__REQUIREMENT__:
Nothing in the entries should be altered. Write them out in full.

__MATERIALS PROVIDED__:
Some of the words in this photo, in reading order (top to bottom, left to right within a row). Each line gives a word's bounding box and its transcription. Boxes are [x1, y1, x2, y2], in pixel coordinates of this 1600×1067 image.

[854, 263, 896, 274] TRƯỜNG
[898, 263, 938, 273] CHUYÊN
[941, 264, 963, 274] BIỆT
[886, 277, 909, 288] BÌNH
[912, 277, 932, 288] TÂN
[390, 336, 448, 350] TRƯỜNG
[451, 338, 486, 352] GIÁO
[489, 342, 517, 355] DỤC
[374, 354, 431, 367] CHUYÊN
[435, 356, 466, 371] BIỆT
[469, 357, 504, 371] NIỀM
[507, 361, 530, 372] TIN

__ANSWER BELOW__:
Some of the words in this photo, in reading order (top to bottom, left to right within a row). Each line gives a word's bounding box and its transcription. Boxes are [x1, y1, x2, y2], in pixel coordinates of this 1600×1067 image.

[854, 263, 896, 274] TRƯỜNG
[898, 263, 938, 273] CHUYÊN
[941, 264, 963, 274] BIỆT
[886, 277, 909, 288] BÌNH
[912, 277, 932, 288] TÂN
[390, 336, 448, 350] TRƯỜNG
[451, 338, 486, 352] GIÁO
[489, 342, 517, 355] DỤC
[374, 354, 431, 367] CHUYÊN
[435, 356, 466, 371] BIỆT
[469, 357, 504, 371] NIỀM
[507, 361, 530, 372] TIN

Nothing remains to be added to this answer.